Thursday, 9 September 2010

EMBL-EBI Small Molecule Bioactivity Course - Feb 2011


Just posted on the EMBL-EBI website are the first details of the Small Molecule Bioactivity Course. There will be more details later, and the agenda needs sketching out in more detail, but the dates, and guest lecturers are all set. So, if you would like to take part in an introductory level course to the use of chemogenomics approaches to understanding biology and supporting healthcare research, keep an eye out for more details, or take a chance in case all the places go, and register now!
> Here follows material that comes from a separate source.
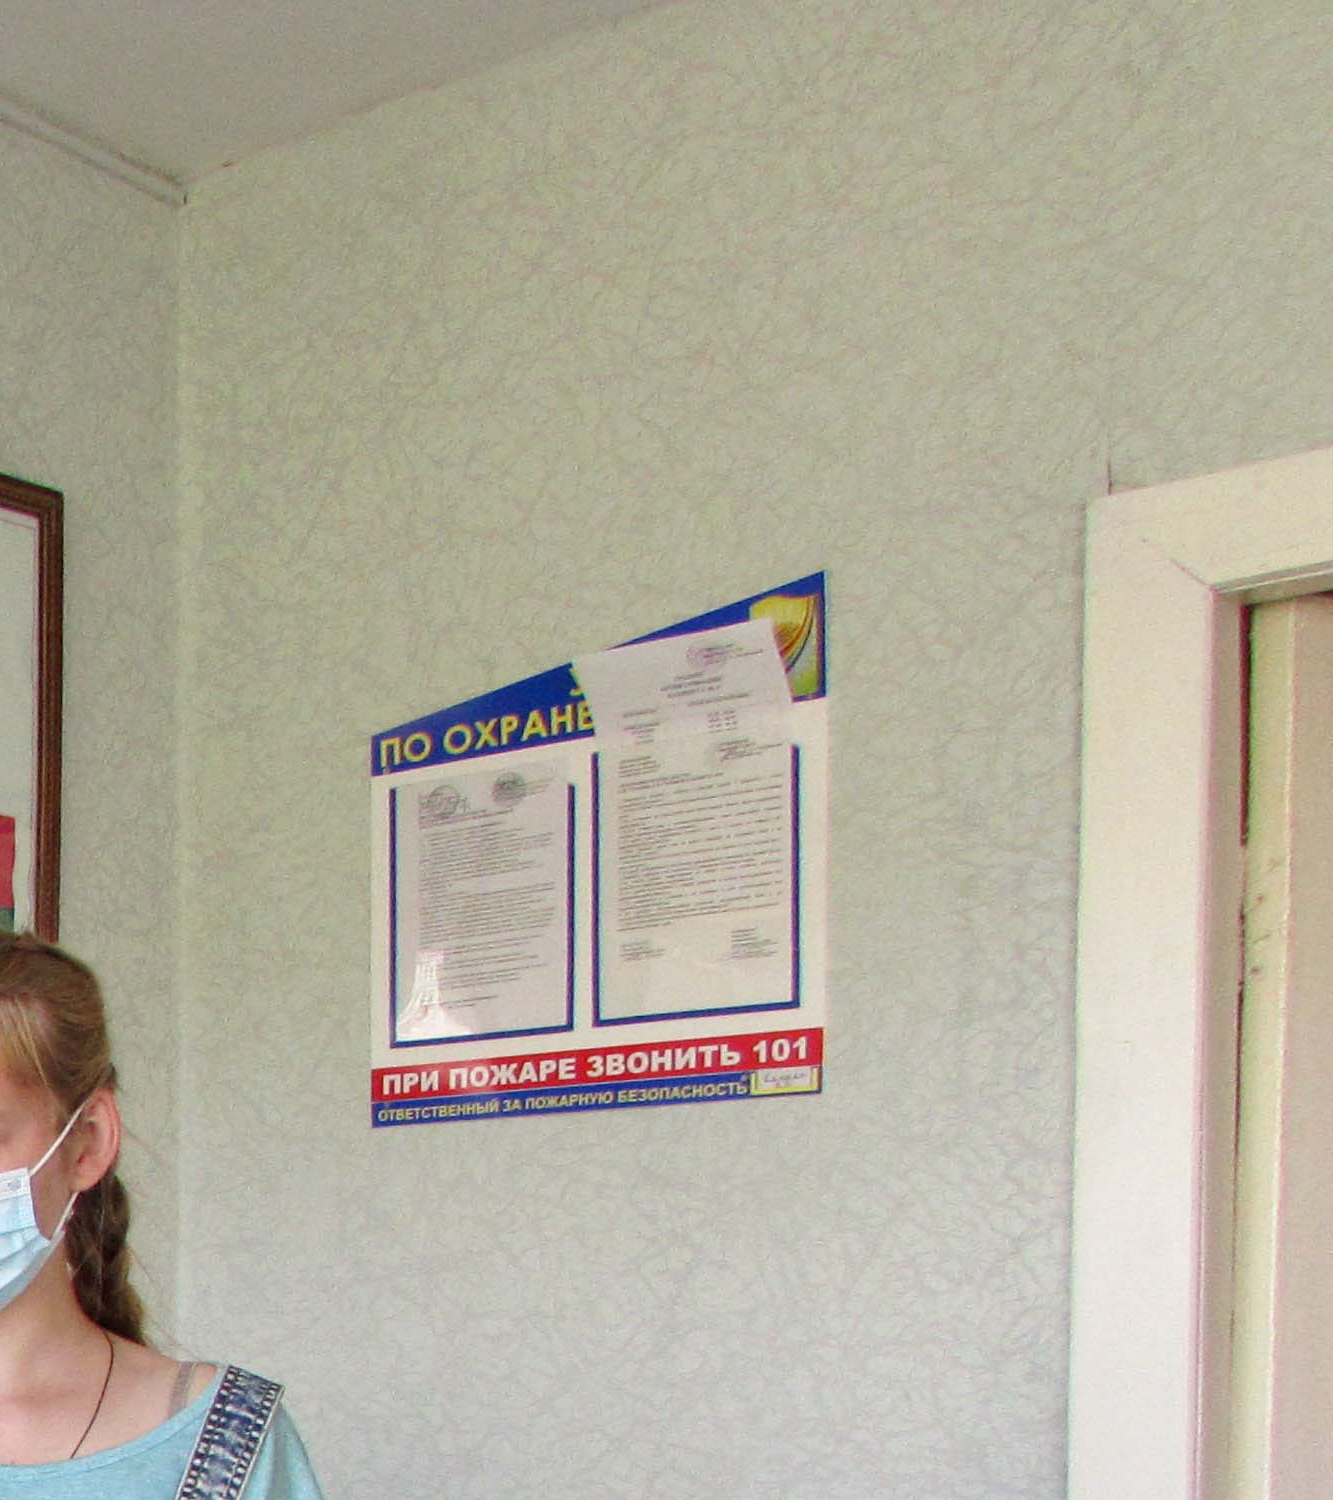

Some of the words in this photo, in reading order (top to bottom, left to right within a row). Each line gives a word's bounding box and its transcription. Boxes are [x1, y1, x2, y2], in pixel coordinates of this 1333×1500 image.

On a related note, I would like to highlight the overall good-all-round-goodness and helpfulness of Noel O'Boyle; in honour, I may even go back to using the Irish form of my surname O'Verington.....

The image above will mean little to most, but a lot to the few who watch UK kids TV.

Friday, 3 September 2010

ChEMBL_06 is live


We're pleased to announce the release, a few moments ago of ChEMBL_06. This contains an additional 29,142 compound records and 138,348 new bioactivities. We've also done quite a lot of compound cleanup, names, research codes (vide infra), and so forth. A variety of database dumps are available from the public ftp site, and the live web database is now connect to ChEMBL_06.

Additional data this release includes the standard literature data, but also the data from the brilliant Genomics of Drug Sensitivity in Cancer project, coordinated by Ultan McDermott at the Sanger Center (interested readers in the oncology area are also pointed to this previous blog post).

2010 New Drug Approval - Pt. XI - Alcaftadine (Lastacaft)







The summer got in the way of a timely post on this new drug. On 28 July 2010, Alcaftadine was approved for the treatment of patients with allergic conjunctivitis as a 0.25% opthalmic solution.
This allergic reaction is most familiar in patients with hay fever but can also be caused by other allergens such as dust mites, moulds, perfumes etc. It causes red, itchy and watery eyes.
Allergic conjunctivitis is caused by a type I hypersensitivity reaction of the immune system. Antigenic epitopes of the allergen are detected by IgE antibodies which mediate the excessive activation of mast cells and basophils.  The symptoms of allergic conjunctivitis are mainly caused by the release of histamine from these activated immune cells. Histamine increases the permeability of blood vessels and stimulates the activity of immune cells, through a number of differing histamine receptors.

Alcaftadine and it's carboxylic acid metabolite (produced via a non P450 route) are antagonists of the H1 histamine receptor (Uniprot: P35367) and also inhibits histamine release.

Alcaftadine is administered topically as a 0.25% solution. In a pharmakokinetics study, the plasma CMAX of Alcaftadine is 60pg/mL and occurs after 15 minutes, the plasma CMAX of the active metabolite is 10pg/mL and occurs after one hour. Plasma protein binding (ppb) for Alcaftadine is 39.2%, and for the carboxylic acid metabolite is 62.7%. The elimination half-life of the metabolite is appoximately 2 hours. The presence of the aldehyde is an unusual chemical feature in Alcaftadine, since aldehydes are usually quite reactive, as would be expected this group is readily metabolized to a carboxylic acid.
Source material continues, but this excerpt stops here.